Evaluation of SMP Shared Memory Machines for Use with In-Memory and OpenMP Big Data Applications
2016 IEEE International Parallel and Distributed Processing Symposium Workshops (IPDPSW)
While distributed memory systems have shaped the field of distributed systems for decades, the demand for many-core shared memory resources is increasing. Symmetric Multiprocessor Systems (SMPs) have become increasingly important recently among a wide array of disciplines, ranging from Bioinformatics to astrophysics, and beyond. With the increase in big data computing, the size and scope of traditional commodity server systems is often outpaced. While some big data applications can be mapped to
... distributed memory systems found through many cluster and cloud technologies today, this effort represents a large barrier of entry that some projects cannot cross.
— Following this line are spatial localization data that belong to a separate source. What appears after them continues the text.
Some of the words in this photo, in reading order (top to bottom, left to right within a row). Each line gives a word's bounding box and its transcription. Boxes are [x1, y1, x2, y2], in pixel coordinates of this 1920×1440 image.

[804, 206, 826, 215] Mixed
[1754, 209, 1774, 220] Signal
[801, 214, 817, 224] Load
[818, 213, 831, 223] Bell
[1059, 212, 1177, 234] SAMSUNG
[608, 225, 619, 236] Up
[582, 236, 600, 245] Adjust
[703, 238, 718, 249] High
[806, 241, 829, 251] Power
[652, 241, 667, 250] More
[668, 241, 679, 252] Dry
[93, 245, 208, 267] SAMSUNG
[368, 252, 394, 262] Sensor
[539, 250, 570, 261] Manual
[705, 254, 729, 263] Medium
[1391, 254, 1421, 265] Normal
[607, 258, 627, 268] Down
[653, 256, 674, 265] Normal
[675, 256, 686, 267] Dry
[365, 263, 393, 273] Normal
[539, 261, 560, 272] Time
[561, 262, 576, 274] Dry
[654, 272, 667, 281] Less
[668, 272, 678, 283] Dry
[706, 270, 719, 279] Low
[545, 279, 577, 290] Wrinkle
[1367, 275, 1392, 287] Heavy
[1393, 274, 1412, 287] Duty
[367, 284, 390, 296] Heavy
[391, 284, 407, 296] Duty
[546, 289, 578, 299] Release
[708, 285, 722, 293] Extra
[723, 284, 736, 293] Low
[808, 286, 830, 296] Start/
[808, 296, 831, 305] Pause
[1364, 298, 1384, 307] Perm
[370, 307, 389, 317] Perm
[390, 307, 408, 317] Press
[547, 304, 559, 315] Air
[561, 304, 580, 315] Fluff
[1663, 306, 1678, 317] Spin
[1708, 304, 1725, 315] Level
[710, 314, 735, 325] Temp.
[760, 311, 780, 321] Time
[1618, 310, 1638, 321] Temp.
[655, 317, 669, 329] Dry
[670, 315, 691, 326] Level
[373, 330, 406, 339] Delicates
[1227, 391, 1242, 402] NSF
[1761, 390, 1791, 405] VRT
Shared memory SMP systems look to effectively and efficiently fill this niche within distributed systems by providing high throughput and performance with minimized development effort, as the computing environment often represents what many researchers are already familiar with. In this paper we look at the use of two common shared memory systems, the ScaleMP vSMP virtualized SMP deployment at Indiana University, and the SGI UV architecture deployed at University of Arizona. While both systems are notably different in their design, their potential impact on computing are remarkably similar. As such, we look to compare each system first under a set of OpenMP threaded benchmarks via the SPEC group, and follow up with our experience using each machine for Trinity de-novo assembly. We find both SMP systems are well suited to support various big data applications, with the newer vSMP deployment often slightly faster, however certain caveats and performance considerations are necessary when considering such SMP systems.